Mrs. Eddy says on page 19 of her Message to The Mother Church for 1902, "The Christian Scientist cherishes no resentment; he knows that that would harm him more than all the malice of his foes." It would seem, therefore, that if only from a desire for self-preservation, regardless of higher motives, resentful thoughts should be instantly dismissed. If permitted to remain, the seeds of malice quickly take root, and develop their supposititious insidious poison. Resentment is partially dependent for its existence upon one's readiness to sit in judgment upon the speech and action of one's fellow-men; therefore, if we train ourselves to refrain from unjust judgment of others, we shall be less apt to entertain resentful thoughts.

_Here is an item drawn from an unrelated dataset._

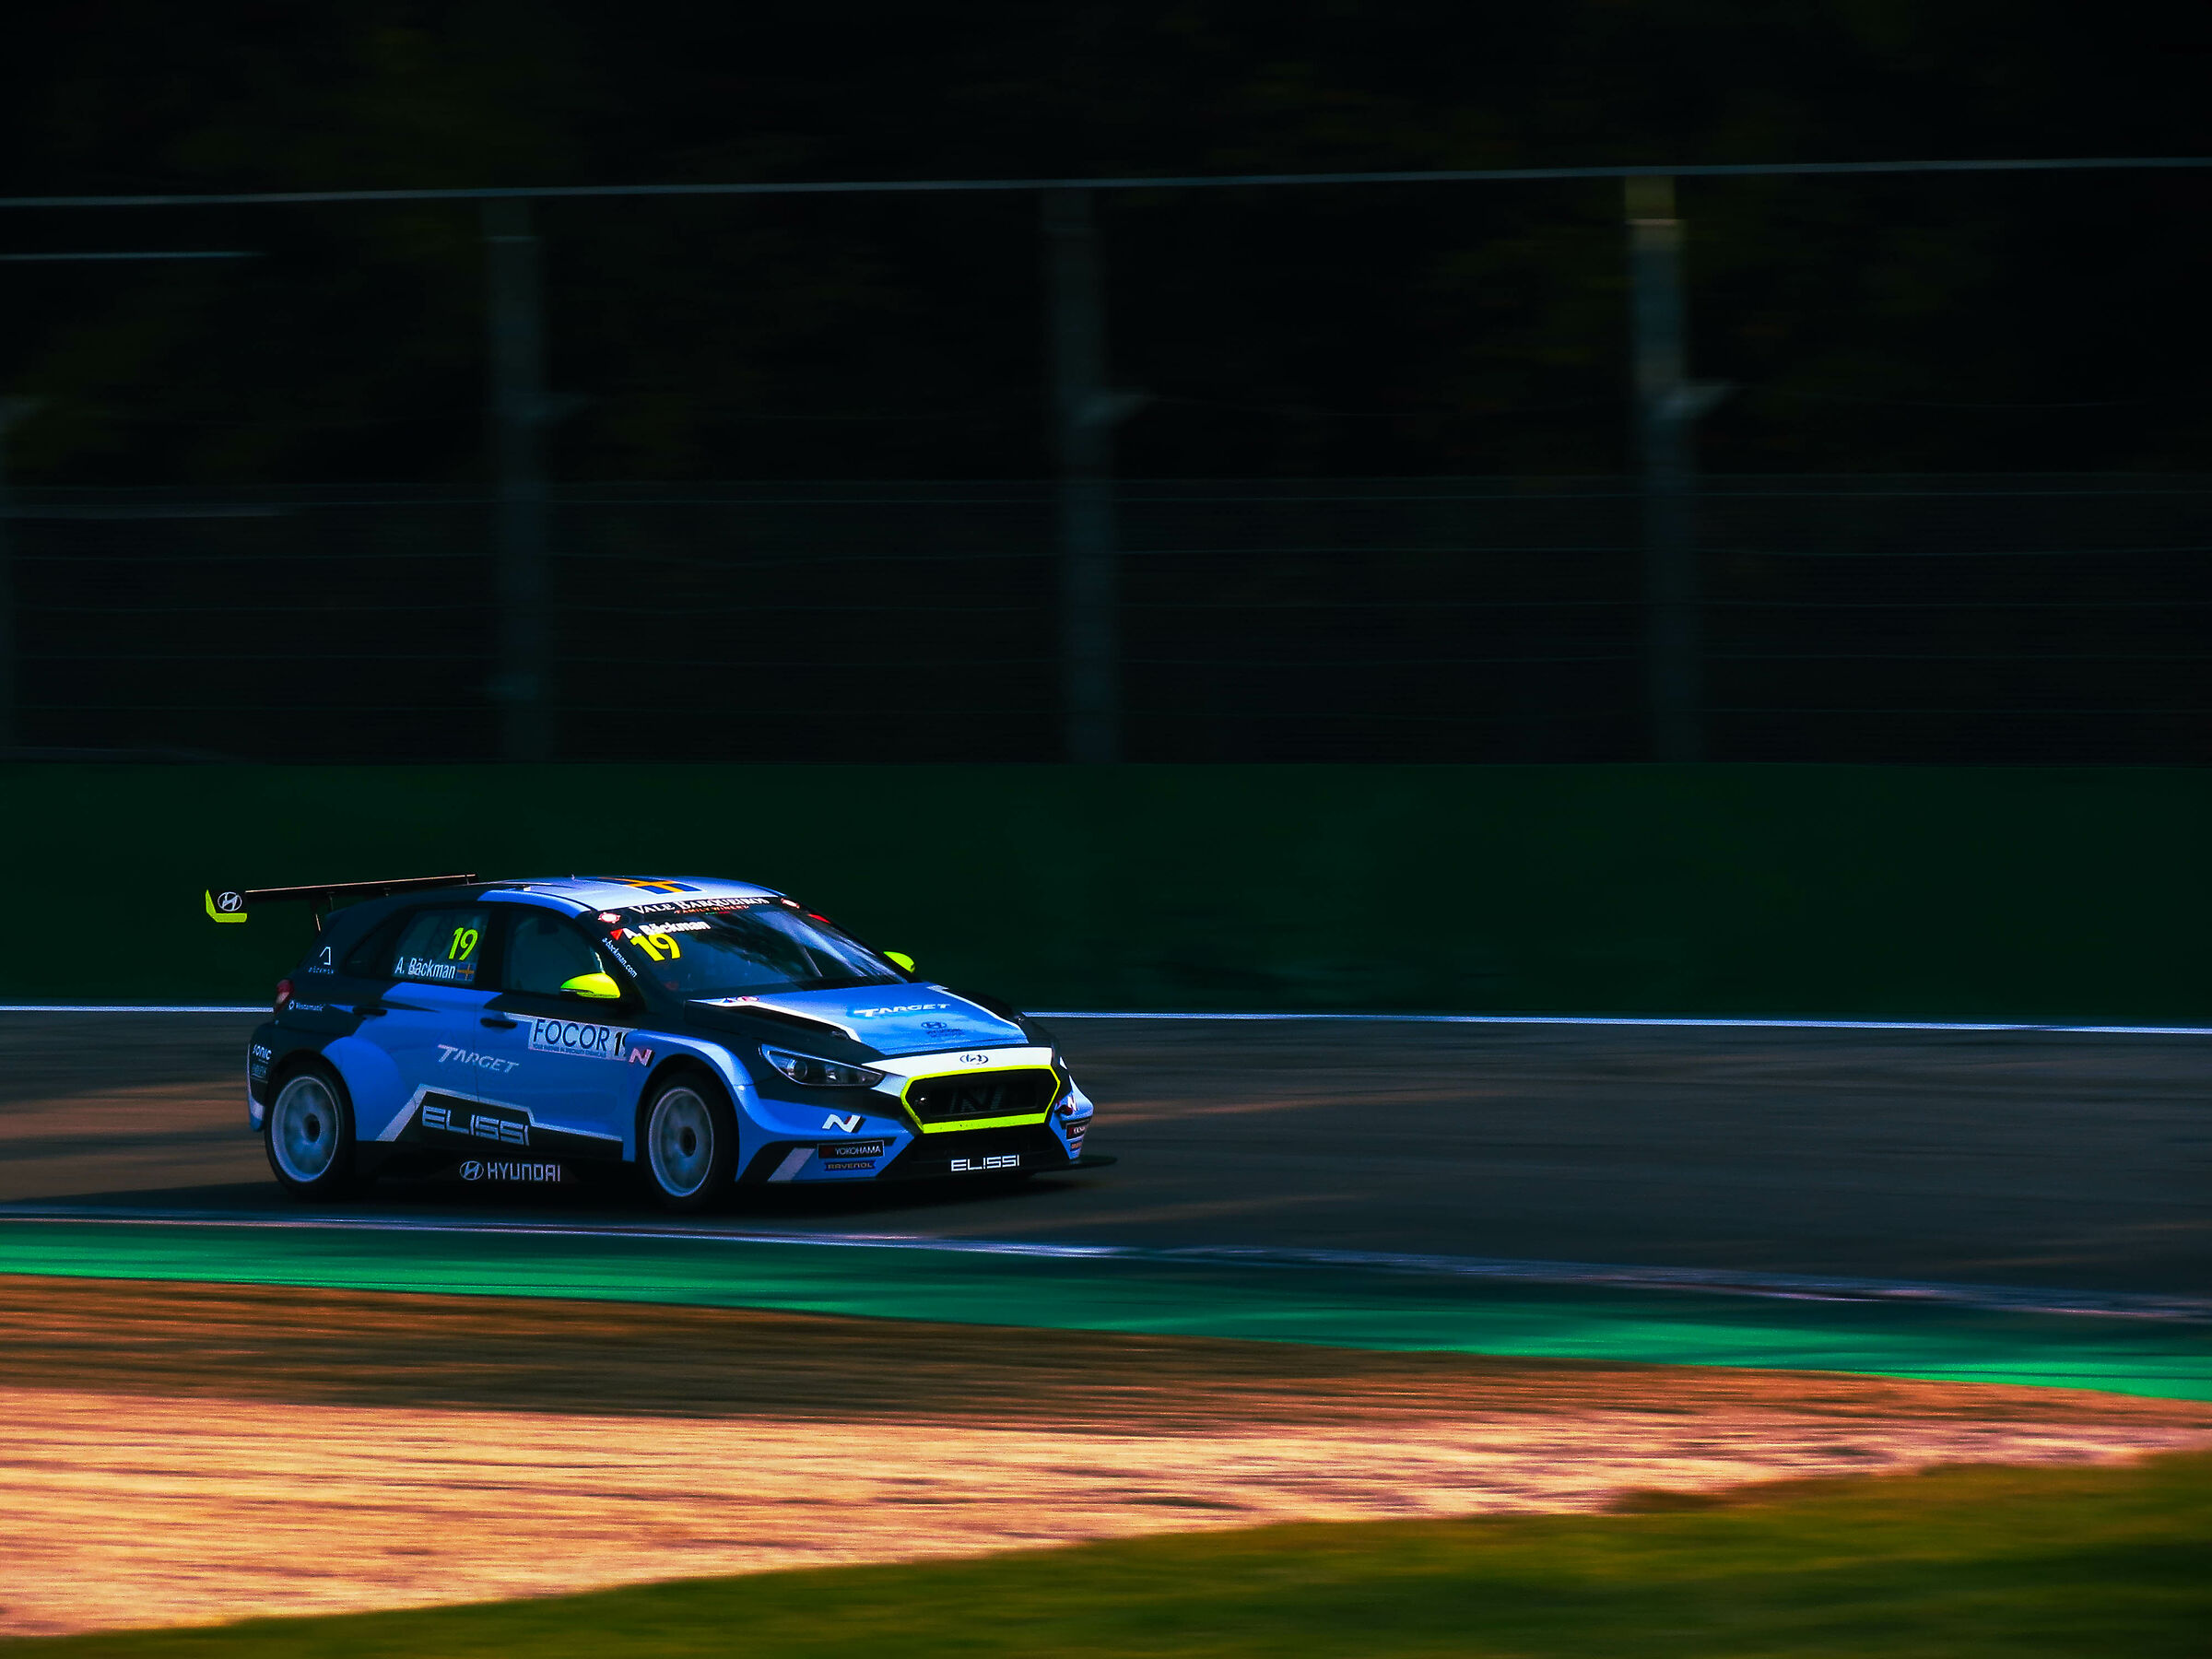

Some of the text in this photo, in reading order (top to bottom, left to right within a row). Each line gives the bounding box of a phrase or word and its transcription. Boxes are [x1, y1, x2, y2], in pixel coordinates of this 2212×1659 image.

The enslavement of material existence is dependent upon the extent to which sensual thoughts are entertained. And no thoughts are quicker in their destructive element, more deadening to spiritual progress, or more obstructive to the attainment of harmony than those of resentment. It barbs the arrows of materiality directed against us. Love is the shield which deflects their course; for where divine Love is reflected, there is no room for resentment.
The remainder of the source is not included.